A segunda condição é fazer grande esforço de examinar friamente e contemplar atenta e vagarosamente cada tarefa escolar em que temos falhado, vendo quão desagradável e de segunda classe ela é, sem procu­rar desculpa alguma, sem passar por cima de algum erro ou correções de nossos mestres, tentando descer à origem de cada falta. Há grande ten­tação de fazer o oposto, dar uma olhadela de lado no exercício corrigi­do, se for ruim, e escondê-lo imediatamente. A maioria de nós faz isso quase sempre. Temos de afastar essa tentação. Incidentalmente, além dis­so, nada é mais necessário para o sucesso acadêmico, porque, apesar de todos os nossos esforços, trabalhamos sem fazer muito progresso quando recusamos prestar atenção às faltas que fizemos e às correções dos nos­sos mestres.

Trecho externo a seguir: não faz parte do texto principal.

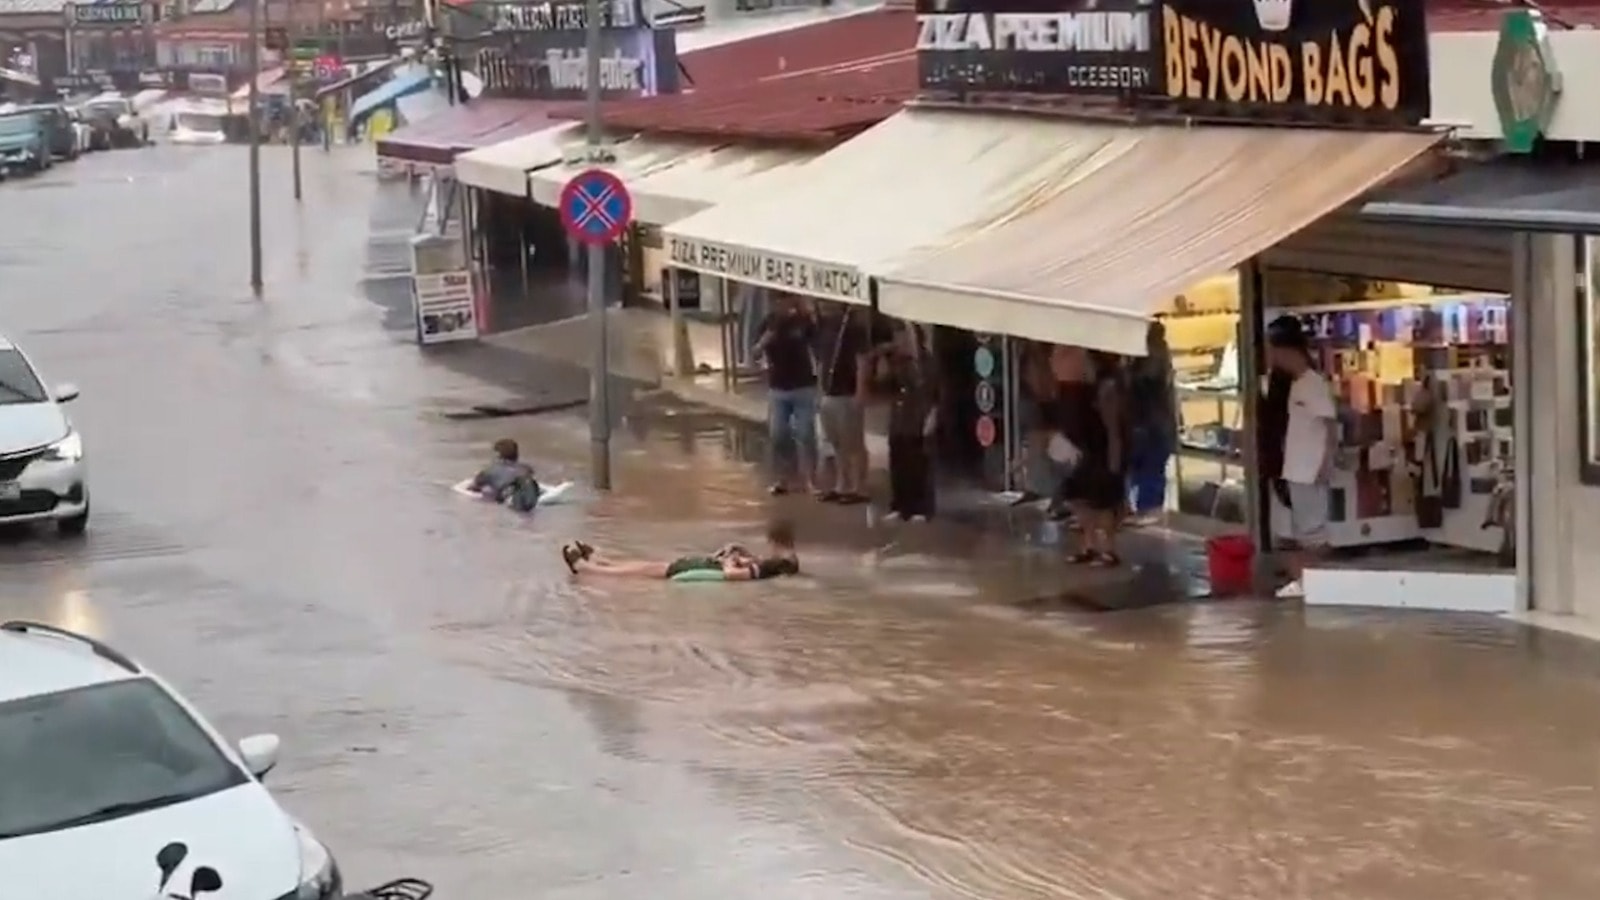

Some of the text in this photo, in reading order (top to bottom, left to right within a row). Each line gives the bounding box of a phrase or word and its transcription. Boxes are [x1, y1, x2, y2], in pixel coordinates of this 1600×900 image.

[915, 11, 1151, 52] ZIZA PREMIUM
[1163, 6, 1291, 100] BEYOND
[1303, 1, 1400, 110] BAG'S
[671, 239, 697, 263] ZIZA
[701, 245, 761, 276] PREMIUM
[799, 264, 808, 288] &
[812, 268, 861, 297] WATCH

Acima de tudo, pois, é para que possamos adquirir a virtude da humildade, que é um tesouro muito mais precioso do que todo o progresso acadêmico. Deste ponto de vista talvez seja até mais útil contemplar nossa estupidez do que nosso pecado. Consciência de pecado nos dá o sen­timento de que somos maus e às vezes uma espécie de orgulho encontra lugar nele. Quando nos forçamos a fixar o olhar, não só de nossos olhos mas de nossas almas, sobre um exercício escolar em que erramos por pu­ra estupidez, uma sensação de nossa mediocridade nasce em nós com irre­sistível evidência. Nenhum outro conhecimento deve ser mais desejado. Se pudermos chegar ao conhecimento dessa verdade com todas as nossas almas, estaremos bem estabelecidos sobre o fundamento correto.

Se essas duas condições forem perfeitamente cumpridas não há dú­vida de que os estudos escolares são um caminho para a santidade quase tão bom como qualquer outro.

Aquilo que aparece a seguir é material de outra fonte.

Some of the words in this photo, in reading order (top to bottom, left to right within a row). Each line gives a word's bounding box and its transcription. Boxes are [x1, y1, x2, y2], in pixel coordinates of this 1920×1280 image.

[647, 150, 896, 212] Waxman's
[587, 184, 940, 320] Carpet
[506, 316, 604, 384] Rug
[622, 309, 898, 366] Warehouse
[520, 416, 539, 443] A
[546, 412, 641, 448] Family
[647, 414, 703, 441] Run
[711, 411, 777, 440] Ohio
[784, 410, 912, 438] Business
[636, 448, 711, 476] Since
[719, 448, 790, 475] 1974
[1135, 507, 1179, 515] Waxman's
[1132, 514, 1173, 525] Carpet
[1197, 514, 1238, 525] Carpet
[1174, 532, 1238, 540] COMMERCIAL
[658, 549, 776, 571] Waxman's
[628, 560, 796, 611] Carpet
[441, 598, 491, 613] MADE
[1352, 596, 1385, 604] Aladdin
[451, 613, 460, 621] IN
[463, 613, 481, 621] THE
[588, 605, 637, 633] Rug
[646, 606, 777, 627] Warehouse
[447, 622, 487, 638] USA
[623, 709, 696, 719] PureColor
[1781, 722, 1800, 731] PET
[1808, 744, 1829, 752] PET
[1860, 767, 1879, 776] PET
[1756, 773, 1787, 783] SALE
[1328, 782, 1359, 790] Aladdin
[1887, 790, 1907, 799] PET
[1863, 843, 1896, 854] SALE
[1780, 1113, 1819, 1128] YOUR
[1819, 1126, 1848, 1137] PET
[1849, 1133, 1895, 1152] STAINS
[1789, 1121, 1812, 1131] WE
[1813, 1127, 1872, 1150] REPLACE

Para cumprir o segundo, basta desejar fazê-lo. Quando ao primei­ro, não é esta a questão. Para realmente prestar atenção é necessário saber começar.

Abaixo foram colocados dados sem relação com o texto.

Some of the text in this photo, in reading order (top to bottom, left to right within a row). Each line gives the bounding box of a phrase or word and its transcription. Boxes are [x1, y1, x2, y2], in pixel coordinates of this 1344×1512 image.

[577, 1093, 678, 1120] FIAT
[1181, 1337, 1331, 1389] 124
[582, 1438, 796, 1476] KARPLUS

Na maioria das vezes se confunde atenção com uma espécie de es­forço muscular. Se alguém diz aos seus alunos: “Agora vocês devem pres­tar atenção”,  a gente os vê franzirem a testa, reterem a respiração, enrijecerem os músculos. Se depois de dois minutos forem interrogados em que estiverem prestando atenção, não serão capazes de responder. Estiveram se concentrando sobre nada. Não estavam prestando atenção. Estavam contraindo os músculos. Às vezes desperdiçamos essa espécie de esforço nos estudos. Como isso acaba nos cansando, temos a impressão de que estivemos trabalhando. Isso é uma ilusão. Cansaço nada tem a ver com trabalho. O trabalho em si mesmo é um esforço útil, cansativo ou não. Essa espécie de esforço muscular no trabalho é completamente estéril, mesmo que seja feito com as melhores intenções. Boas intenções em tais casos estão entre as que pavimentam o caminho do inferno. Estudos conduzidos dessa maneira podem às vezes ter sucesso do ponto de vista de ganhar notas e passar nos exames, mas isso é apesar do esforço e graças a dons naturais; além disso, tais estudos nunca serão de utilidade alguma.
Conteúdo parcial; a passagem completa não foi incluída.